1. Decided to paint my apartment. Change is good. Projects are good. Me doing any do-it-yourself projects is disastrous, but this is the most practical of all my post-breakup irrational decisions that people had to talk me out of. Like removing my IUD (“but it makes me think of FauxHawk!” “But it keeps you from having babies!” “But it makes me think of” “NO BABIES!!! *slap*”), or quitting my job and school to go live with TheNurse (“but you have a cat…and an apartment…and a job…put down the credit card, woman!! PUT IT DOWN!! *slap*”), or running away to Mexico to flip tortillas for a living (“But I need to get the fuck away from here, TheHubby!!” “No.” “…Wanna come?” “…YES!!” “Ok, you steal a car and I’ll put Milo in his carrying case!” “Weee! TheHubby and ThePeach are moving to Mexico and – hey, isn’t Lost on tonight? Forget it.” “I hate you.”)

So anyway, I will very shortly be painting my apartment. I spent almost my entire work day looking up colours on the Debbie Travis Website. Debbie Travis is a corporate whore who looks like she likes it up the acorn, but I appreciate her handy website. So ya – painting! As soon as I ask my landlord. And buy paint. And brushes. And drop sheets. And oh fucking forget it. It’s too much work. I’ll just hire some homeless to do it for me. I’ll pay them in blow and hand-jobs – the same way I pay my rent.

2. Went out for Sushi and ice cream with TheHippie and TheHubby. As usual, I was terrified of running into the ‘Hawk. Sushi is a common love of ours. Luckily, he avoided the sushi tonight. Just like he did for the past 4 months of our relationship. Zing. And, also, gross.

Anyway, our wasabi dreams were answered and we had a beautiful 3-way love-date. Just me and my husband and wife.
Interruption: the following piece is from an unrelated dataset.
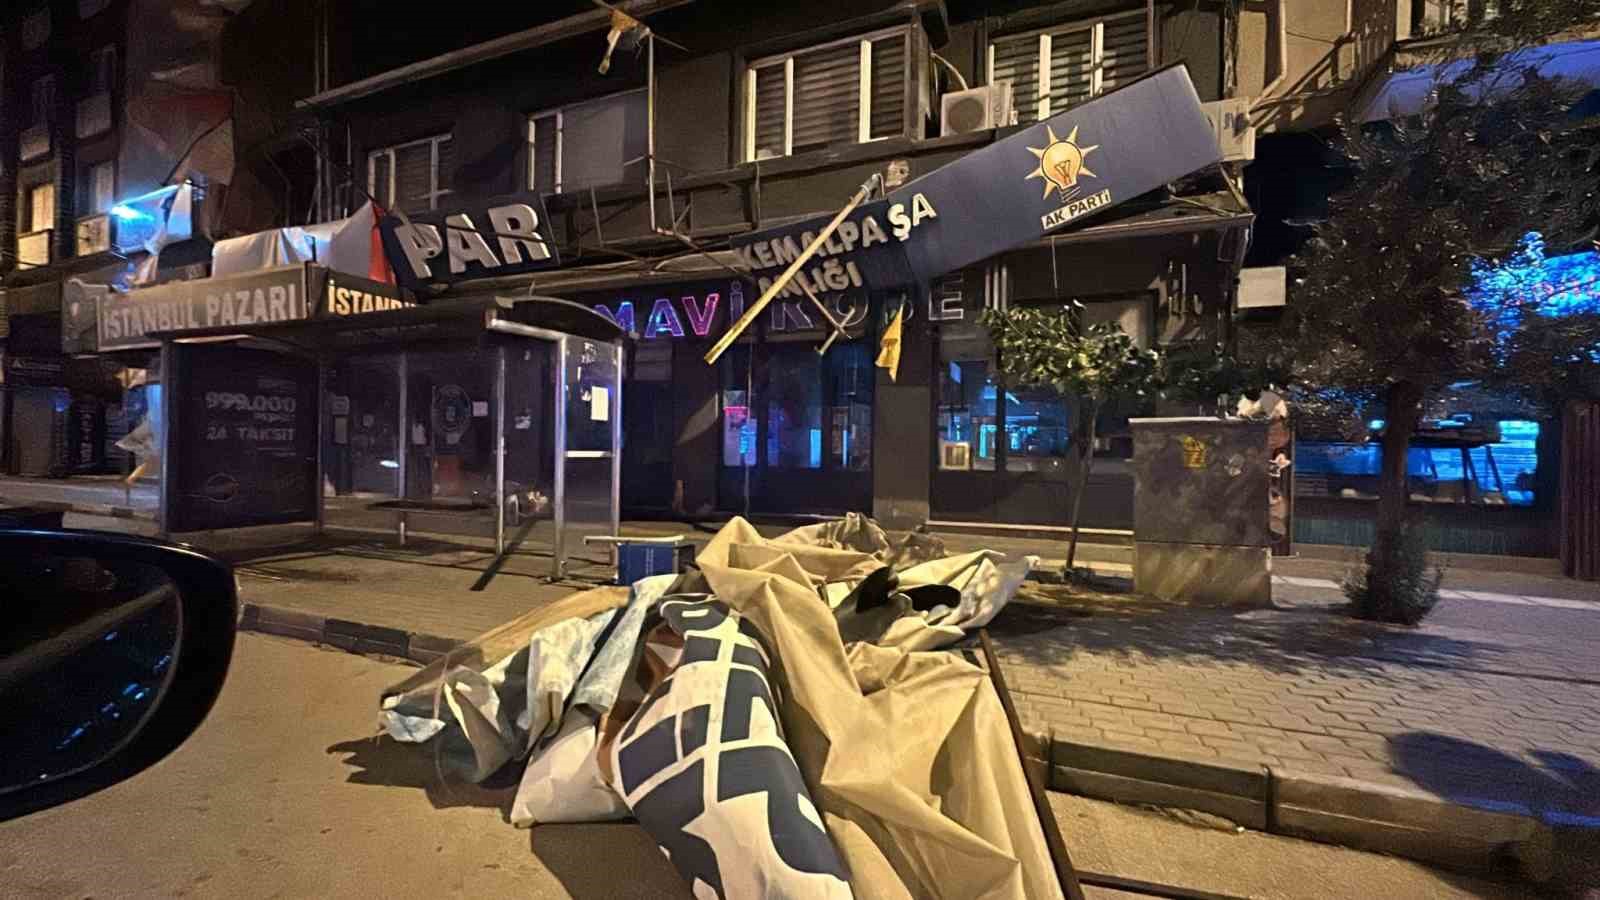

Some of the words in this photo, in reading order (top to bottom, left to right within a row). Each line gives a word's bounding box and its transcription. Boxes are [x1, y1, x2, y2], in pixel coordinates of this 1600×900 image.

[1045, 210, 1065, 227] AK
[394, 203, 551, 279] PAR
[207, 284, 297, 327] PAZARI
3. Went on an apartment purge. I threw everything that reminded me of FauxHawk into a box and I threw that box in the back of my closet. I wanted to burn it, but I’m out of Kerosene. Damnit, I need to keep more of that shit around!
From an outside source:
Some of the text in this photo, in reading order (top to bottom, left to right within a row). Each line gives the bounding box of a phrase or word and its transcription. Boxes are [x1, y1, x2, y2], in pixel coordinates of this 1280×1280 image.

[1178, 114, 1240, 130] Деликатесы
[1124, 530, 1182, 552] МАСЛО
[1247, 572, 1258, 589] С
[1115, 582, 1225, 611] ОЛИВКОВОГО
4. Cleaned up the chaos that Milo left in my apartment. The fucker knocked down 2 sets of shelves in my bedroom, broke one of them, and knocked every single thing I own onto the floor. Then, because he was scared, he tried to hide in the curtains. Then he got stuck in the curtains. Then he broke the curtains. Then he peed somewhere in my apartment that I haven’t been able to locate but can smell. Then I put him in a sack and beat the sack with a baseball bat and put the sack in the bathtub and filled the tub with water and held the sack under the water with the bat until ALL THE EVIL WAS GONE. Ok, I made up that last part. You all know water doesn’t get rid of evil. Kerosene does. DAMNIT WHY DON’T I KEEP MORE OF THAT SHIT AROUND?!


Now I am going to take a break from mania to watch “The Bachelor: Rome”. A girl needs trash in her life.